Relative humidity (RH) is the ratio of the amount of water vapour currently in the air to the maximum it could hold at that temperature, expressed as a percentage. 50% RH means the air is holding half the moisture it could at its current temperature. Because the maximum the air can hold rises steeply with temperature, the same quantity of water gives a high RH in cold air and a low RH in warm air.
Why RH changes with temperature alone
This is the crucial behaviour. Take a parcel of air at 20 °C and 50% RH. Cool it — without adding or removing any water — and its RH rises, because cold air can hold less. Keep cooling and it reaches 100% RH at the dew point, where condensation begins. Warm the same air and its RH falls.

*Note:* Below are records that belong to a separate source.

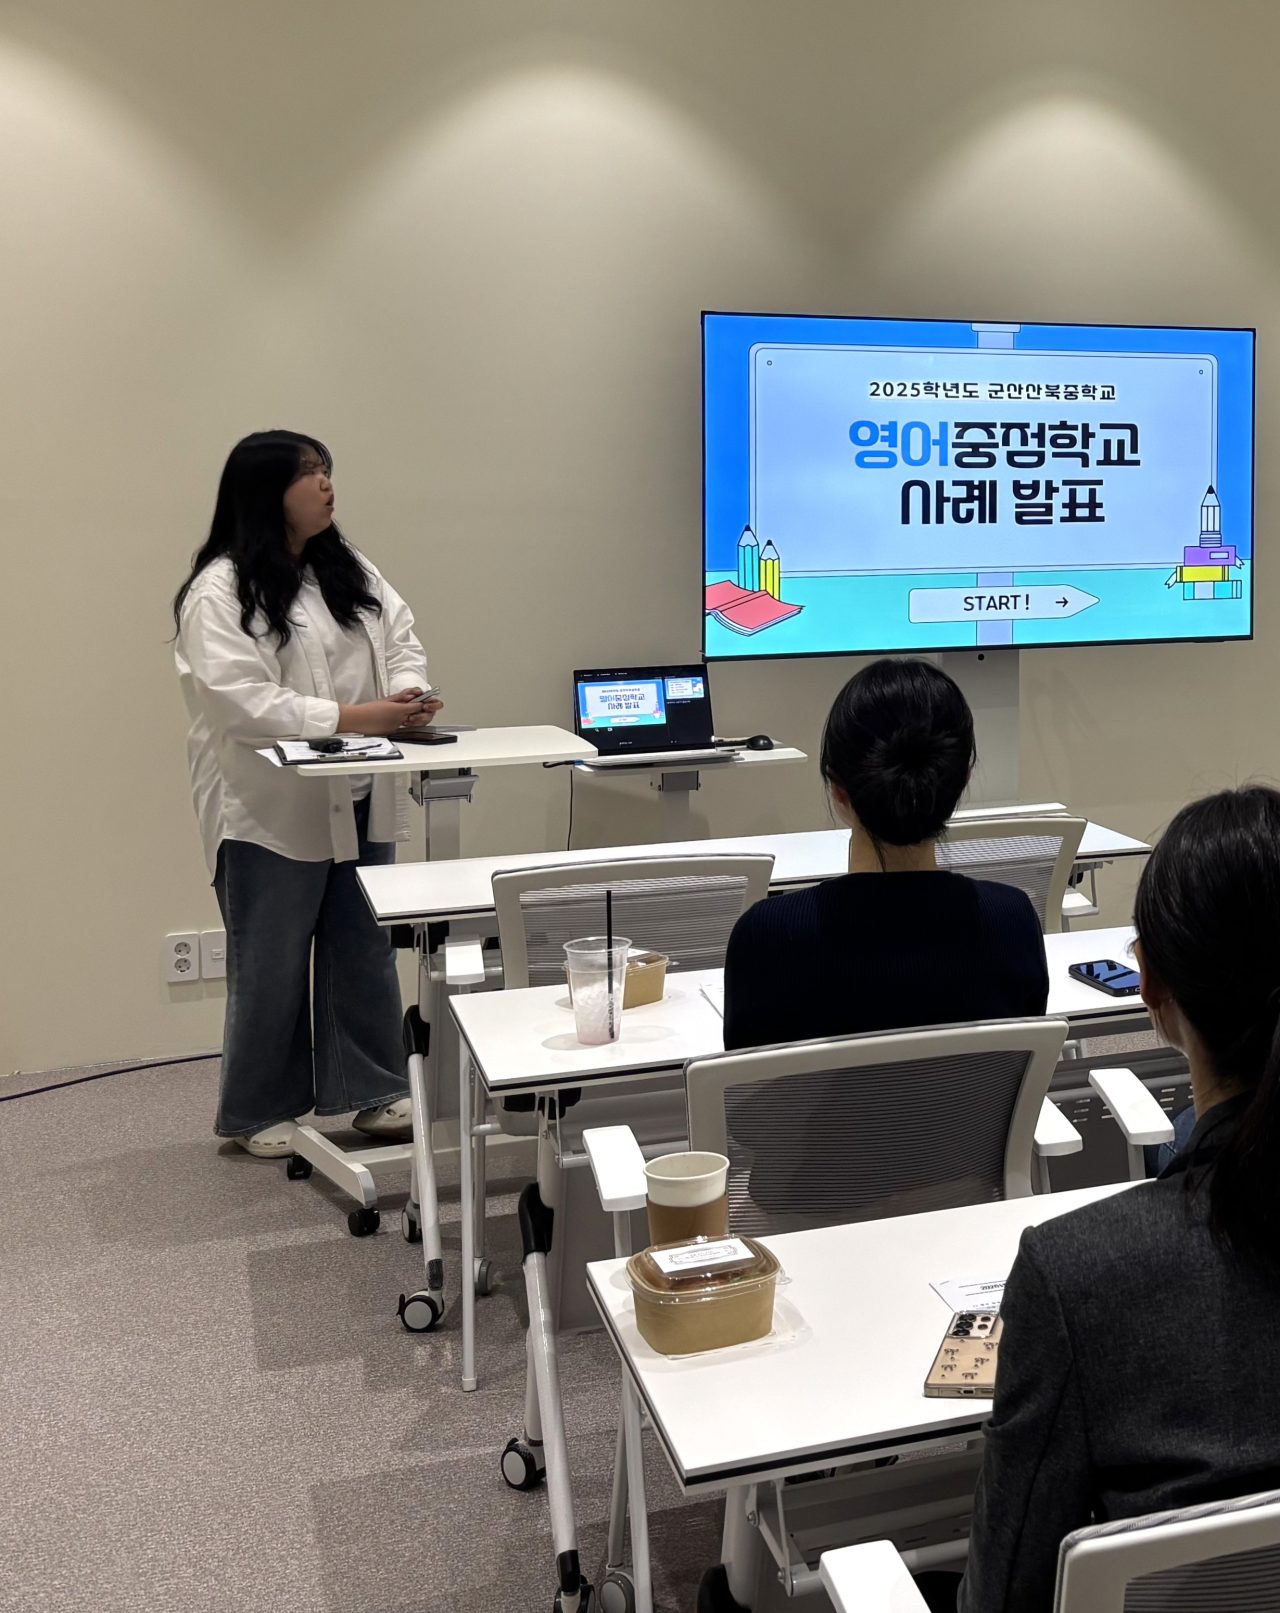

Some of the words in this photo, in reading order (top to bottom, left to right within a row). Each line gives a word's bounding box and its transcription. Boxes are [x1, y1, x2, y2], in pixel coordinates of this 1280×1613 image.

[869, 381, 980, 399] 2025학년도
[987, 382, 1116, 401] 군산산북중학교
[848, 420, 1141, 469] 영어중점학교
[901, 479, 998, 525] 사례
[1012, 479, 1105, 525] 발표
[963, 593, 1030, 611] START!

The moisture content never changed; only the air's capacity did.
| Air temperature | Relative humidity | Status |
|---|---|---|
| 20 °C | 50% | Comfortable |
| 15 °C | ~68% | Rising — capacity falling |
| 12 °C | ~83% | Mould-risk territory at this surface |
| 9.3 °C | 100% | Dew point — condensation begins |
This is exactly what happens at a cold wall. The room air may be a comfortable 20 °C / 50% RH, but the thin layer of air touching a cold external corner is chilled — so its local RH at that surface climbs into mould territory or beyond, even though the room as a whole reads 50%. This is why 'surface RH' matters more than 'room RH' for mould.
The 80% surface-RH mould threshold
Mould does not need liquid water. The spores of common indoor moulds can germinate and grow when the relative humidity at a surface stays above roughly 80% for sustained periods (the exact threshold and the time required depend on the species, the substrate and the temperature — described by 'isopleth' growth curves). This threshold sits well below the 100% RH of visible condensation, which is why mould so often appears on cold surfaces that never look wet.

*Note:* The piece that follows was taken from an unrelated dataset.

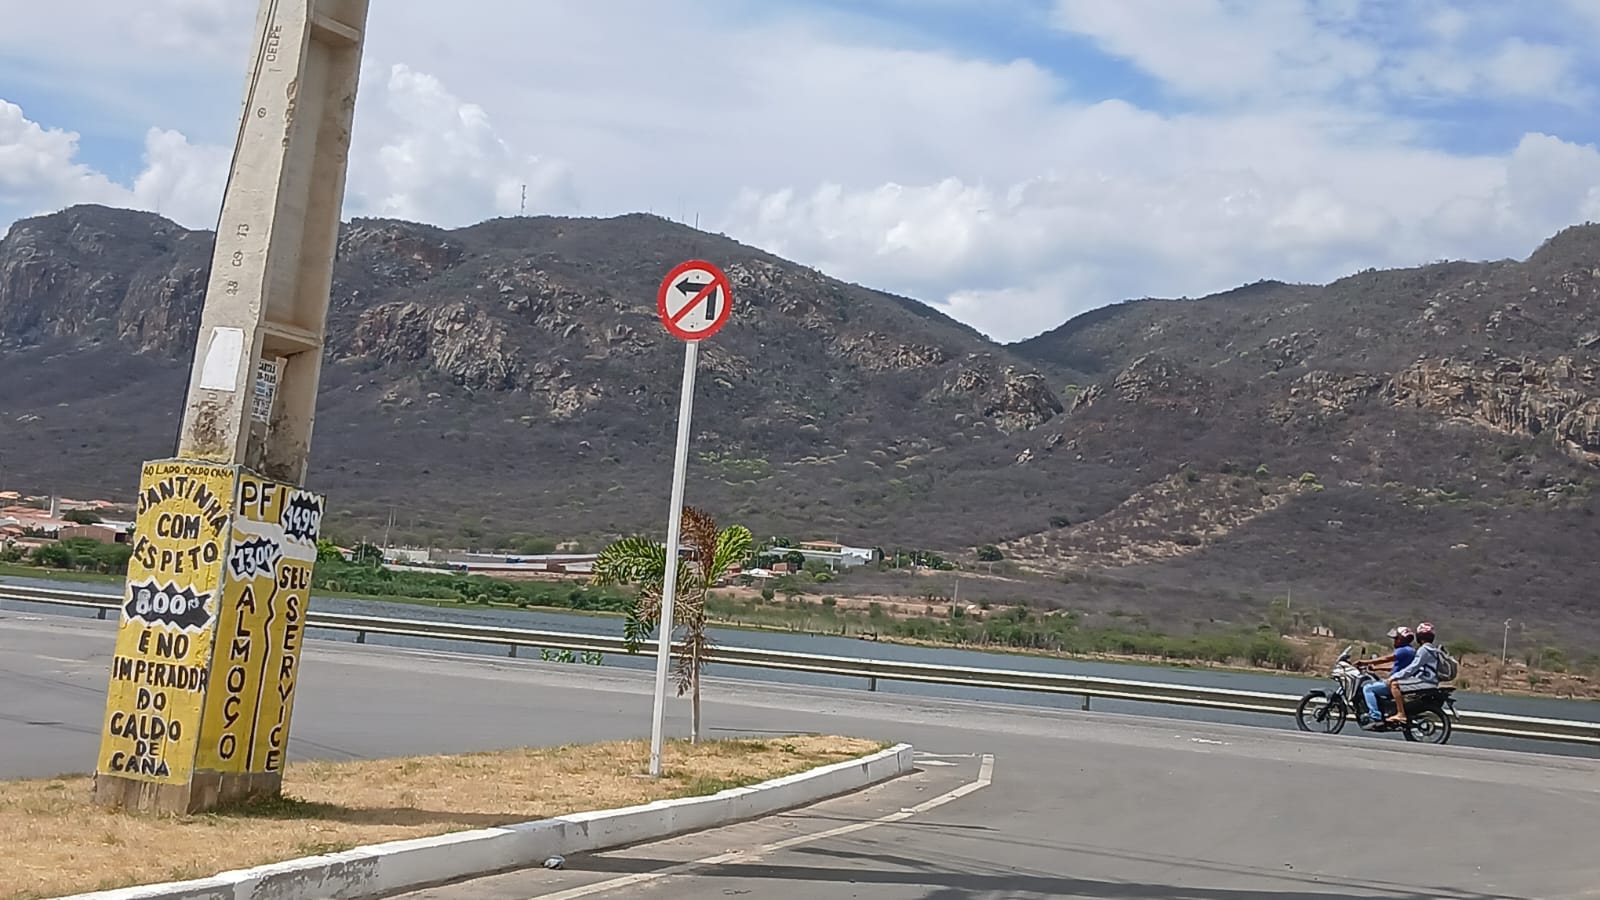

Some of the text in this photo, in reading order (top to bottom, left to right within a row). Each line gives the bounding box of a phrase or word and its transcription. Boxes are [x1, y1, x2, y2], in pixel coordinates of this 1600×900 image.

What's a healthy indoor RH?
For comfort, health and building protection, indoor relative humidity is best kept in a moderate band — broadly 40–60% RH:
- Below ~40% RH: air feels dry; can aggravate respiratory comfort and increase static and dust irritation.

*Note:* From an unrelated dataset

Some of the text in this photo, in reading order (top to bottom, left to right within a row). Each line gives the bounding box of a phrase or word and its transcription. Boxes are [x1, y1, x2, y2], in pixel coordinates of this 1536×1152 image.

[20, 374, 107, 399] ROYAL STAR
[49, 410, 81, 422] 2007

- 40–60% RH: the comfort and health 'sweet spot' — also suppresses dust mites and many microbes.
- Above ~60–65% RH: dust mites thrive, mould risk rises on cold surfaces, and the dew point climbs so more surfaces are at risk.
- Persistently above 70% RH: strong mould and condensation risk; indicates inadequate ventilation relative to moisture generation.
Occupant activity adds a surprising amount of moisture — cooking, showering, washing and drying clothes, and simply breathing can release the equivalent of several litres of water a day into a home's air. Controlling indoor RH is therefore a balance between that moisture generation and the ventilation removing it.
Using RH data in diagnosis
On a moisture survey we log room temperature and RH over a representative period (ideally days, capturing the daily cooking/showering/sleeping cycle), not just a single spot reading — because RH swings hour to hour. Combined with surface temperatures from thermal imaging, the logged data lets us calculate dew point and surface RH, distinguish a humidity-driven (condensation) problem from a liquid-water (penetrating/rising) one, and size the ventilation needed to bring the air back into the healthy band.